Updated

International lenders are estimating that this summer's floods caused $9.5 billion in damage to Pakistan's infrastructure, agriculture and other sectors, a government official said Wednesday.

The estimate, drafted by the Asian Development Bank and the World Bank in consultation with Pakistani leaders, underscores the financial challenges facing Pakistan, a U.S.-allied nation that is battling an Islamist insurgency and was relying on international loans before the deluge.

Although other nations, including the U.S., have contributed millions to the relief effort, they have warned Pakistan that they cannot foot the entire recovery and reconstruction bill, which some have estimated could surpass $40 billion. U.S. officials, in particular, have urged Pakistan to improve its anemic tax collection to aid its long-term rebuilding.

The $9.5 billion figure refers only to existing values of roads, buildings, irrigation systems and other devastated sectors that were evaluated nationwide, not what it will cost to replace them, said the government official familiar with the report.

The replacement costs will depend on which projects the government chooses to pursue and whether it wants to rebuild certain structures in the same fashion or better, he said. The official requested anonymity because the draft findings have yet to be officially released.

The floods began in late July during unusually heavy monsoon rains, eventually covering one-fifth of the country and affecting some 20 million of its 175 million people. Nearly 2,000 people died, while millions were left homeless, according to the United Nations.

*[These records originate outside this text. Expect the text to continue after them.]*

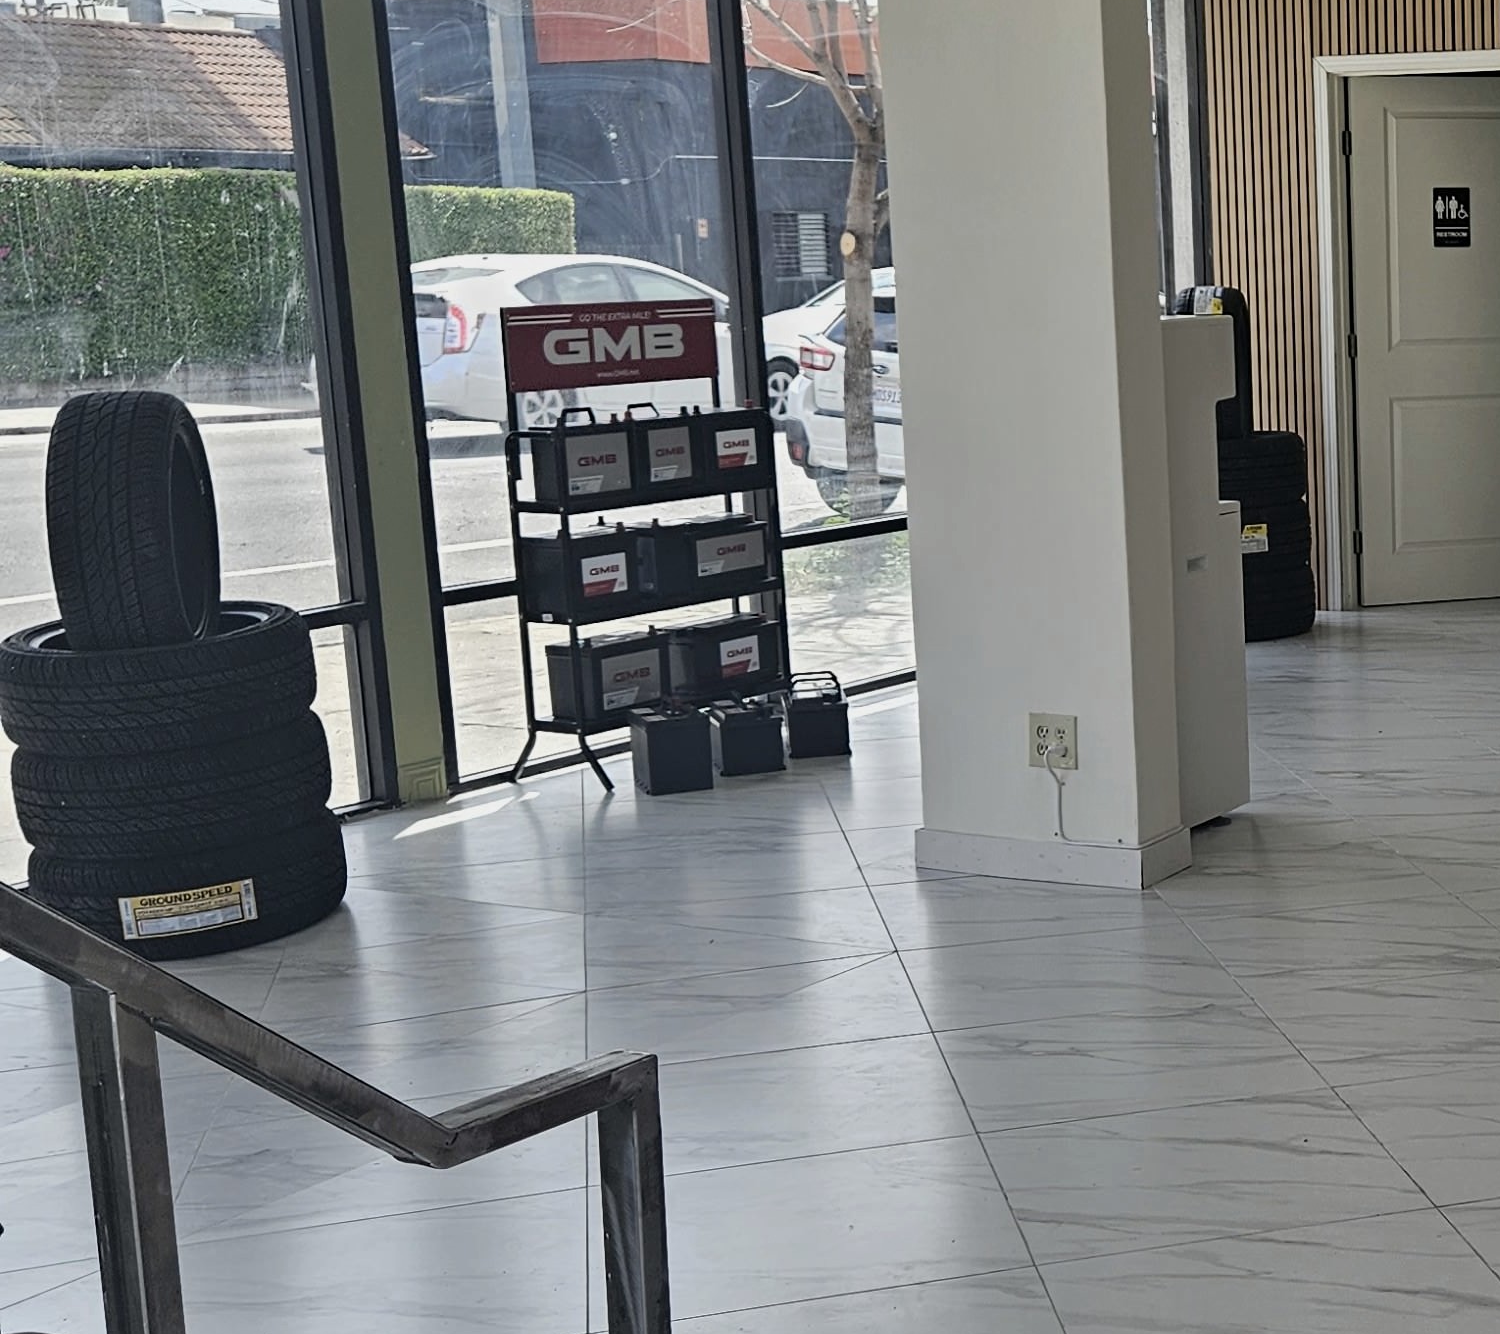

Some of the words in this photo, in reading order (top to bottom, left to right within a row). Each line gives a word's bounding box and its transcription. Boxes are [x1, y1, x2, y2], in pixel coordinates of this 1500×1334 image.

[579, 313, 591, 322] GO
[592, 312, 608, 321] THE
[608, 311, 631, 321] EXTRA
[543, 323, 685, 365] GMB
[723, 439, 750, 449] GMB
[655, 446, 685, 458] GMB
[577, 453, 617, 467] GMB
[716, 543, 746, 556] GMB
[589, 564, 620, 576] GMB
[726, 646, 753, 658] GMB
[613, 667, 651, 683] GMB

Dozens of bridges were washed away, while more than 1.9 million homes were damaged or destroyed. Around 5.9 million acres (2.4 million hectares) of farmland were damaged, a severe blow to agriculture, the most important pillar of Pakistan's economy. Even as nearly all of the people displaced in the northwest have returned to their homes — or what's left of them — parts of southern Sindh province are still under water.

Aid groups have struggled all along to raise funds to help Pakistan. With the disaster unfolding relatively slowly, and the number killed low compared to other major disasters such as the Haiti earthquake, experts said many countries and donors did not immediately realize the magnitude of the disaster. But there also are concerns that corruption and inefficiency in Pakistan's government may lead to squandered aid.

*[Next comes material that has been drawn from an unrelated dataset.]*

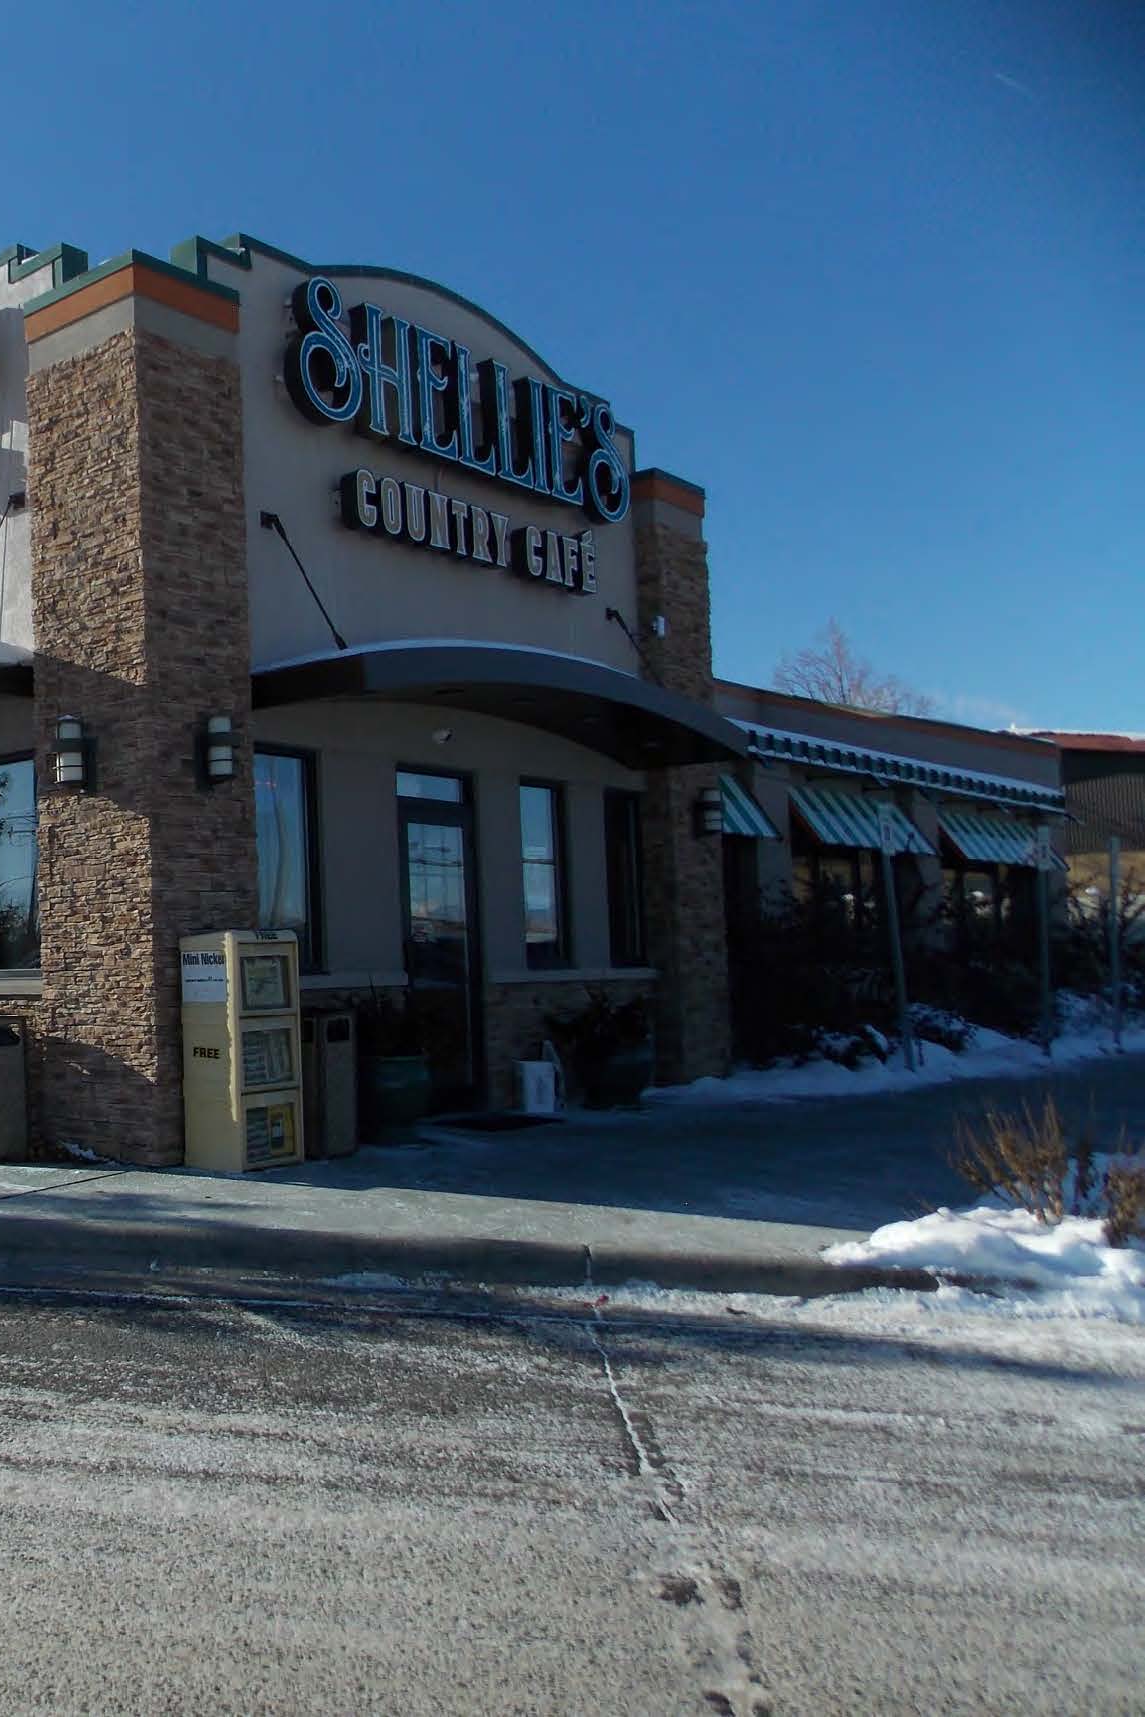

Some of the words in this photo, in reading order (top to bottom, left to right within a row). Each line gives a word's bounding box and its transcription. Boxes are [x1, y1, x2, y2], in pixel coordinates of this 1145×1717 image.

The U.N. has appealed for just over $2 billion to help Pakistan's emergency relief and early recovery, but has received only about one-third of that.

Spokesmen for the Asian Development Bank and the World Bank declined to comment on the $9.5 billion figure, saying it was premature to discuss it before the preliminary report is released at a meeting of countries in the Friends of Democratic Pakistan group in Brussels on Thursday.

The Pakistani government has come under fire for its patchy response to the floods, and many have questioned its ability to carry out a recovery plan, especially if it fails to institute major economic reforms. Before the floods, Pakistan's economy was kept afloat by billions of dollars in loans from the International Monetary Fund.

Daniel Feldman, a U.S. State Department deputy special representative for Pakistan and Afghanistan, said much of the money to recover from the floods will have to come from Pakistan. To raise it, Pakistan "will need to engage in some fundamental reforms and, in particular, tax reform," he told reporters in Washington on Tuesday.

On Wednesday, Pakistani Prime Minister Yousuf Raza Gilani promised that the government would share its "national strategy for rehabilitation and reconstruction" at a meeting of the Pakistan Development Forum set for November.